== Segment start ==

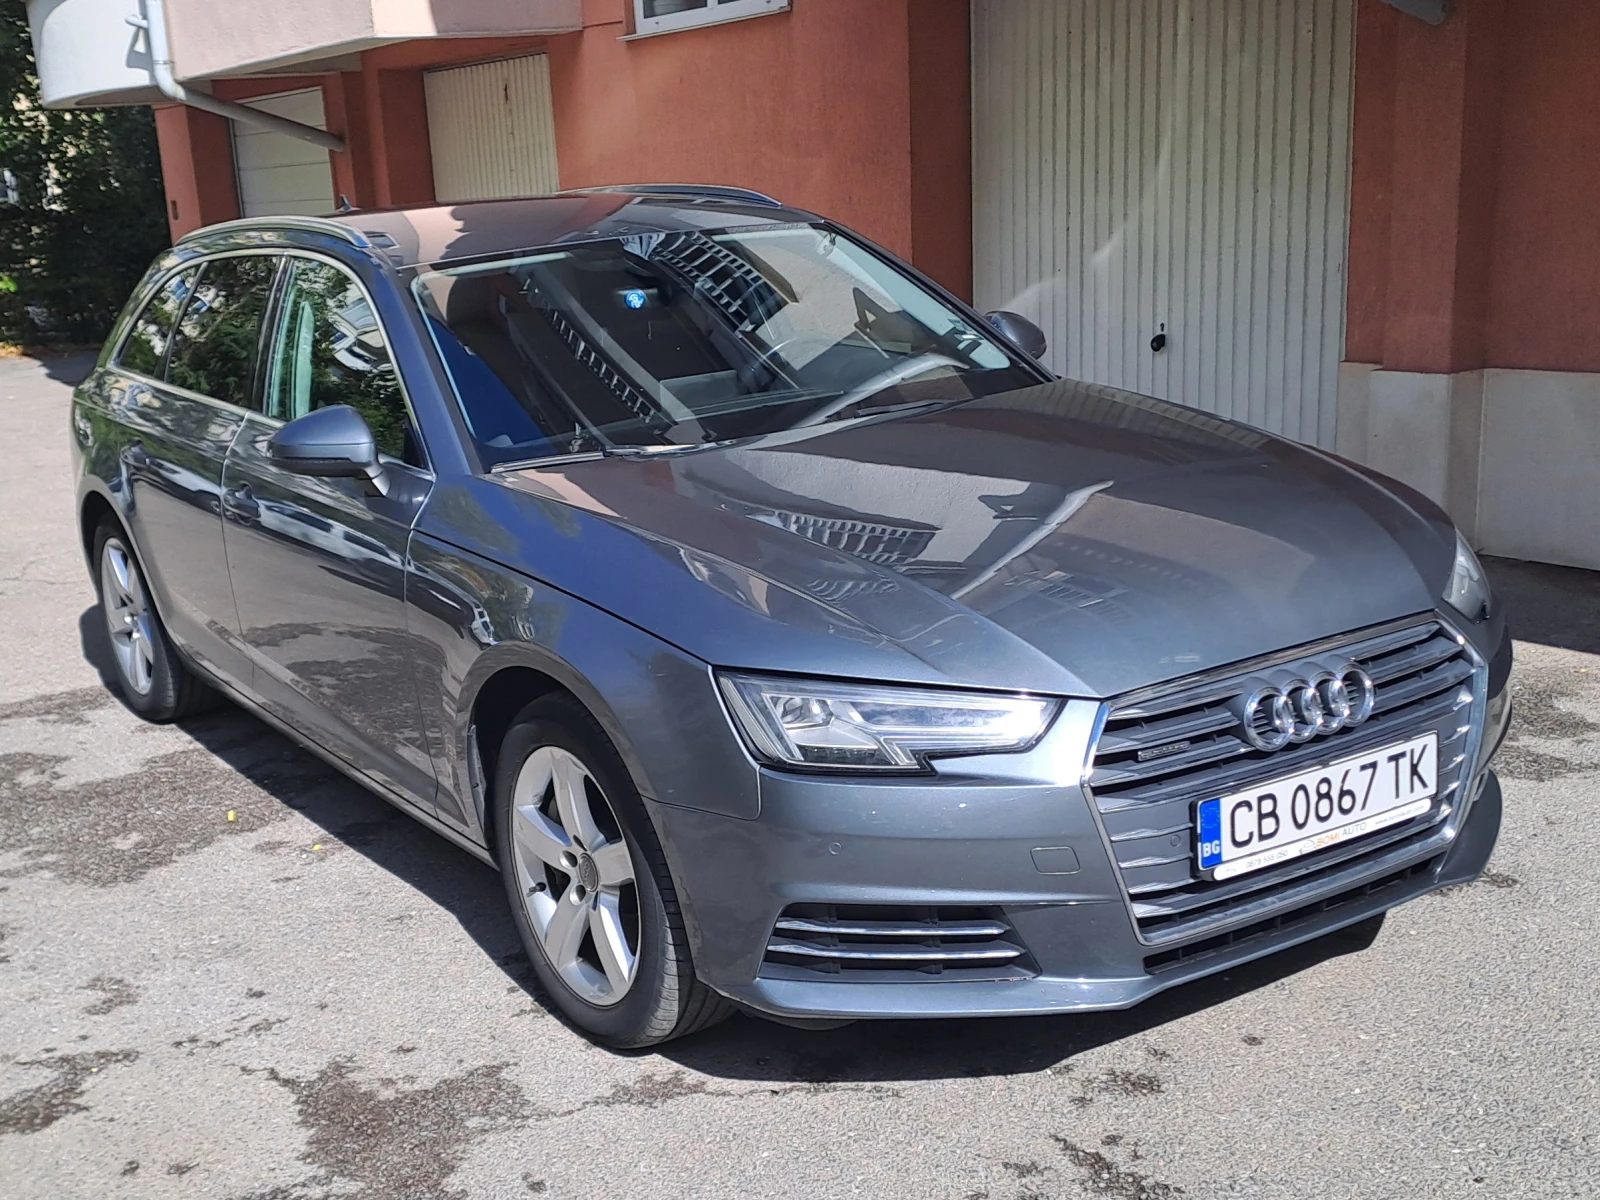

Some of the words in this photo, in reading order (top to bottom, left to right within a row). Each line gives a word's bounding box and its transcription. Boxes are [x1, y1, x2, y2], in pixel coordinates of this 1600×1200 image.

[1230, 793, 1280, 849] CB
[1291, 760, 1378, 830] 0867
[1387, 744, 1428, 799] TK
[1316, 832, 1340, 847] BOMI
[1342, 822, 1367, 836] AUTO
[1203, 841, 1220, 857] BG
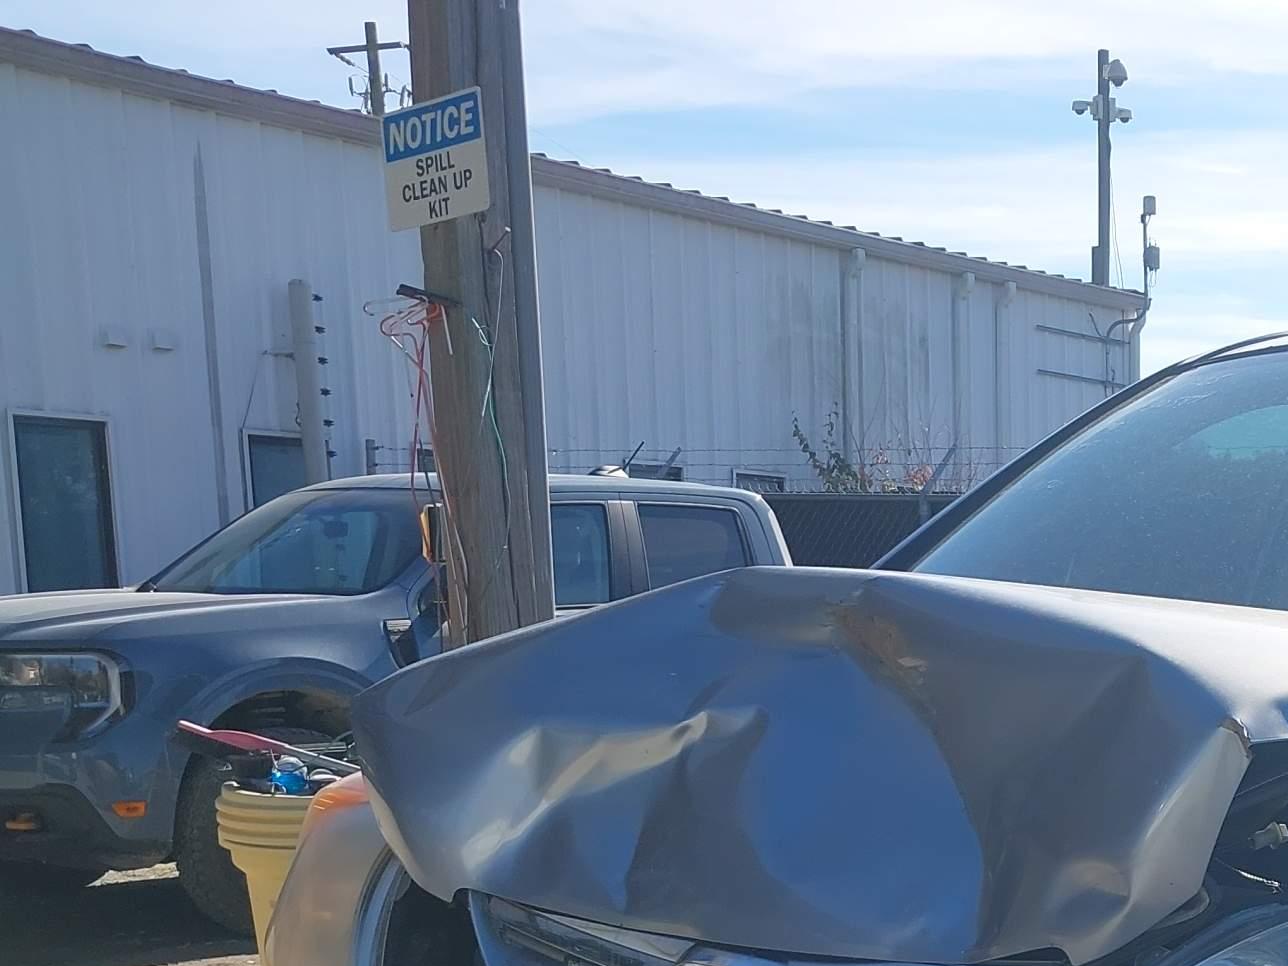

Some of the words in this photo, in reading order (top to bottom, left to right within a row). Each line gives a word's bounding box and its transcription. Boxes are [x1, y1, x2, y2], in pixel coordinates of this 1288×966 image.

[388, 100, 475, 155] NOTICE
[416, 151, 455, 177] SPILL
[402, 175, 449, 202] CLEAN
[453, 168, 473, 190] UP
[428, 197, 450, 219] KIT
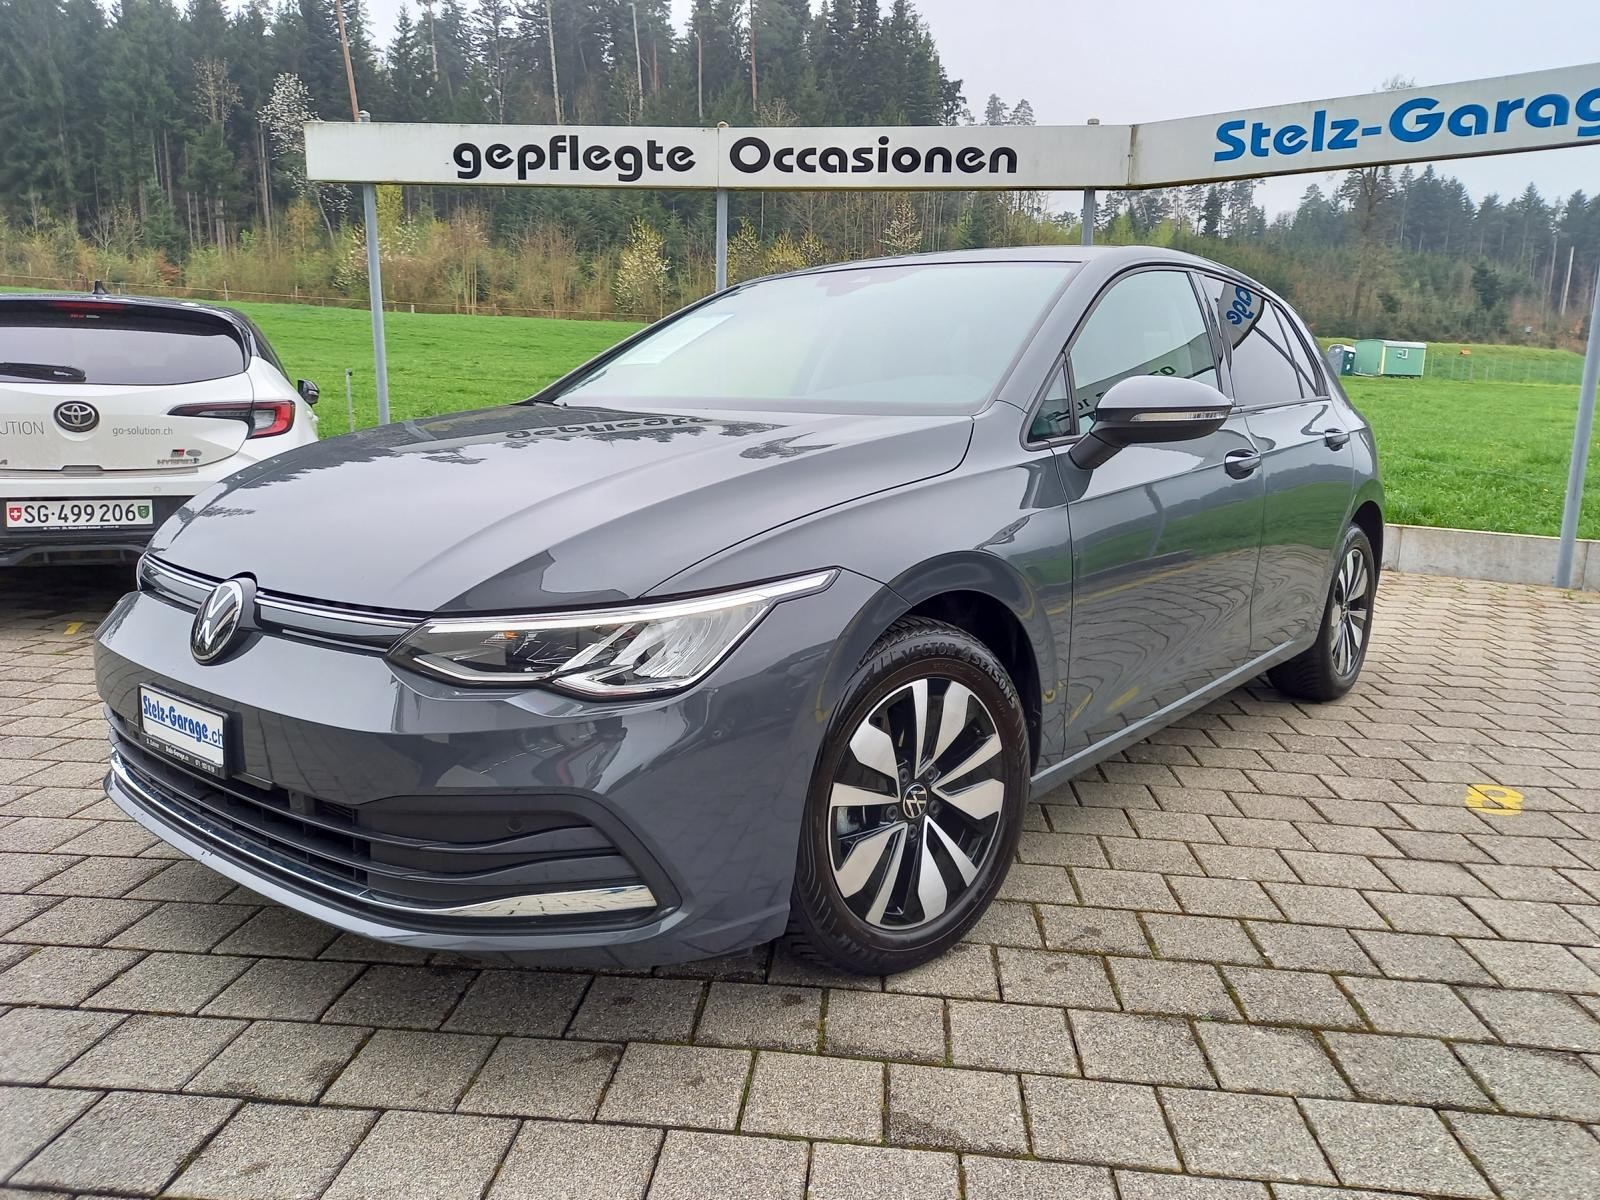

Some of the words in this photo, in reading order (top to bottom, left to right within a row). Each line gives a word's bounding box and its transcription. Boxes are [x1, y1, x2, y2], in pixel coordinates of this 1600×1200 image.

[453, 135, 696, 182] gepflegte
[729, 136, 1018, 174] Occasionen
[112, 426, 173, 437] go-solution.ch

== Segment end ==

- Work to complete
Omit the pictures, then output every record exactly as given.

- Response box
Some of the words in this photo, in reading order (top to bottom, left to right within a row). Each line gives a word's bounding box and its transcription. Boxes are [x1, y1, x2, y2], in pixel coordinates of this 1600×1200 image.

[1230, 793, 1280, 849] CB
[1291, 760, 1378, 830] 0867
[1387, 744, 1428, 799] TK
[1316, 832, 1340, 847] BOMI
[1342, 822, 1367, 836] AUTO
[1203, 841, 1220, 857] BG

Some of the words in this photo, in reading order (top to bottom, left to right within a row). Each line gives a word's bounding box and its transcription. Boxes are [x1, y1, x2, y2], in pixel coordinates of this 1288×966 image.

[388, 100, 475, 155] NOTICE
[416, 151, 455, 177] SPILL
[402, 175, 449, 202] CLEAN
[453, 168, 473, 190] UP
[428, 197, 450, 219] KIT

Some of the words in this photo, in reading order (top to bottom, left to right within a row). Each line gives a word's bounding box and its transcription. Boxes are [x1, y1, x2, y2], in pixel coordinates of this 1600×1200 image.

[453, 135, 696, 182] gepflegte
[729, 136, 1018, 174] Occasionen
[112, 426, 173, 437] go-solution.ch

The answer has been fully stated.